By using the right ecommerce metrics and KPIs (Key Performance Indicators), of course. In this guide, we share popular ecommerce metrics and KPIs and explain what they mean for your business performance.

What are ecommerce metrics and KPIs?

Ecommerce metrics are data points. They’re things you can measure in your store and business. For example, sales conversion rate or average order value.

Ecommerce KPIs are metrics you use to assess how your business is faring and represent specific goals.

For example, let’s say you track the ecommerce metric of sales conversion rate (how many people visit your store and buy something). If your conversion rate is 20% and you want to convert more of your website traffic into customers, you could set an ecommerce KPI of a 25% conversion rate.

Then, you’d need to build a plan around that KPI to get you there – you could include things like using discounts or incentives for first time buyers, improving your website usability, or simplifying your payment process.

There are several places you can find ecommerce metrics. Firstly, through your ecommerce platform. You’re likely to have a bunch of analytics available on your ecommerce metrics dashboard. But you should also set up Google Analytics 4, to see a broader range of metrics and customer behaviours.

What’s the difference between metrics and KPIs?

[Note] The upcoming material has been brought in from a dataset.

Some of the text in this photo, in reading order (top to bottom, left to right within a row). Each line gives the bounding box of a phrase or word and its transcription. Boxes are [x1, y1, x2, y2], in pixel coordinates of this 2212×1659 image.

Ecommerce metrics are lower-level indicators that are used when looking at day-to-day operations. In contrast, KPIs use metrics as building blocks to create wider business strategies, usually over a set period. They relate to specific goals and can be used across different teams.

You might monitor social media reach, impressions, and engagement to understand how your marketing strategy is working. These are all ecommerce metrics, but they’re not necessarily critical to your store’s success or part of a wider strategy or goal. Instead, you might choose the total number of sales generated through social media over one month as your ecommerce KPI and success metric.

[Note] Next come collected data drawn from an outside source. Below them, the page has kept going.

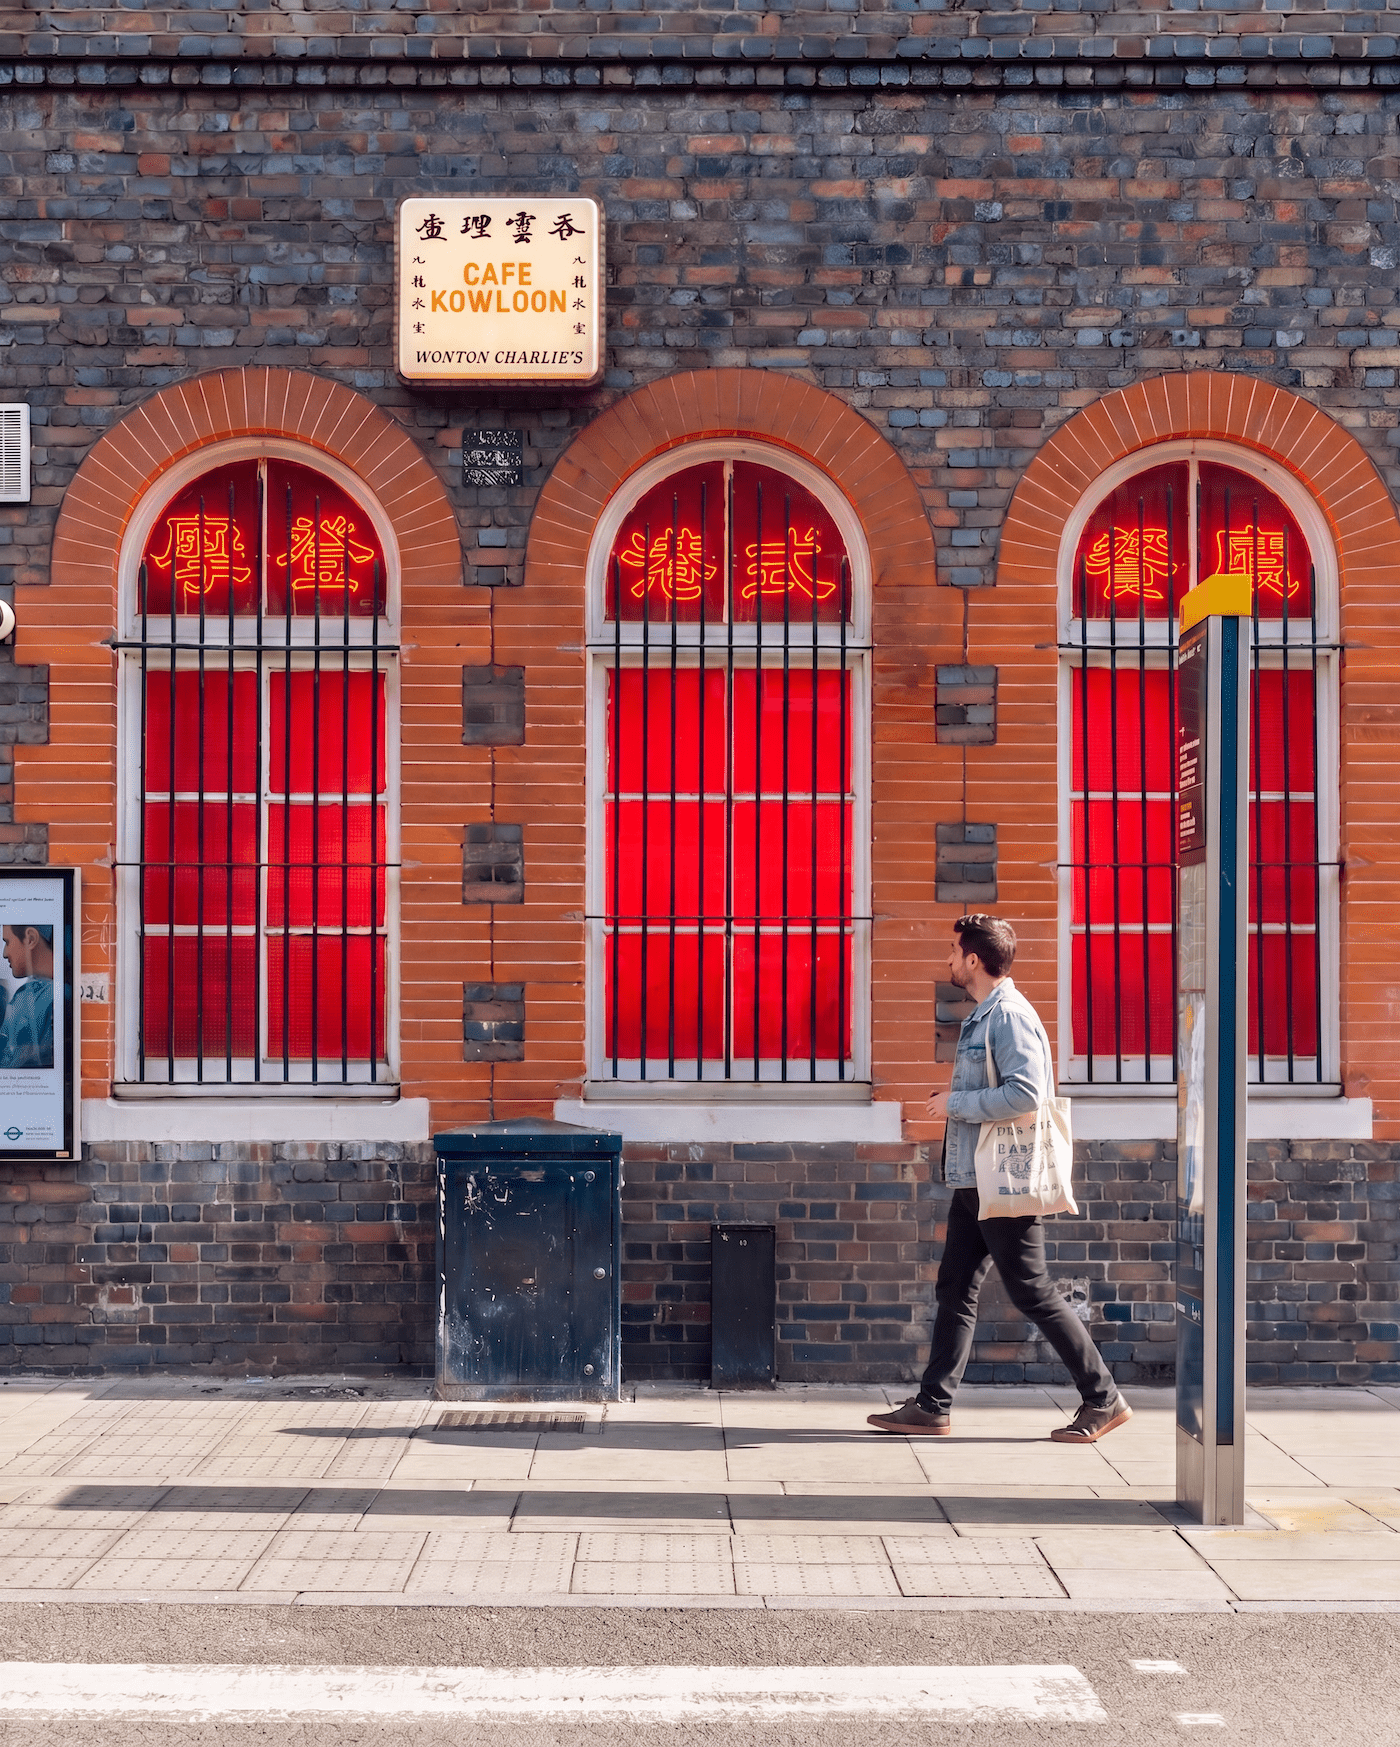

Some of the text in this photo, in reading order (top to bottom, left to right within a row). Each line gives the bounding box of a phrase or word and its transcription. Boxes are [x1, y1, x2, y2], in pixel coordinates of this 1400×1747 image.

[416, 211, 586, 244] 查理雲吞
[463, 262, 532, 286] CAFE
[431, 289, 567, 313] KOWLOON
[416, 350, 584, 365] WONTON CHARLIE'S
[621, 527, 836, 600] 港式

In short, every KPI is a metric, but not every metric is a KPI.

Here are the most important metrics to track for your business:

1. Conversion rate

Conversion rate refers to the number of people who complete a desired action when they visit your site. Often, that desired action is purchasing a product. But it can also be, for example, signing up for your email newsletter, or using the contact form to request more information.

The formula for calculating conversion rate (CVR) is:

Total number of conversions / total number of visitors x 100 = conversion rate

So, you might have 2,000 people visit your ecommerce store in one day, and 40 of those people purchase a product. That’s a 2% conversion rate.

Your conversion rate can tell you how much traffic you need to generate sales on your ecommerce store. Conversion rates vary by industry and product but according to Shopify, the average conversion rate sits between 2.5-3%.

2. Average order value (AOV)

This shows you how much customers are spending on one purchase.

You can calculate AOV using the formula:

Total order revenue / number of orders = average order value

Let’s say your total order revenue for April is £10,000, and you had 200 orders. Your AOV would be £50.

You can use your AOV to guide your sales strategy – for example, you could set a minimum spend amount to increase your average order value or create bundles with top products.

AOV varies based on product and business type – a low order value may not be an issue for ecommerce businesses with a huge customer base and cut-price items. So make sure you use AOV in combination with other ecommerce metrics to get a true picture.

3. Customer lifetime value (CLV or CLTV)

This shows you how much revenue can be expected from a single customer over the length of time they might reasonably purchase from you.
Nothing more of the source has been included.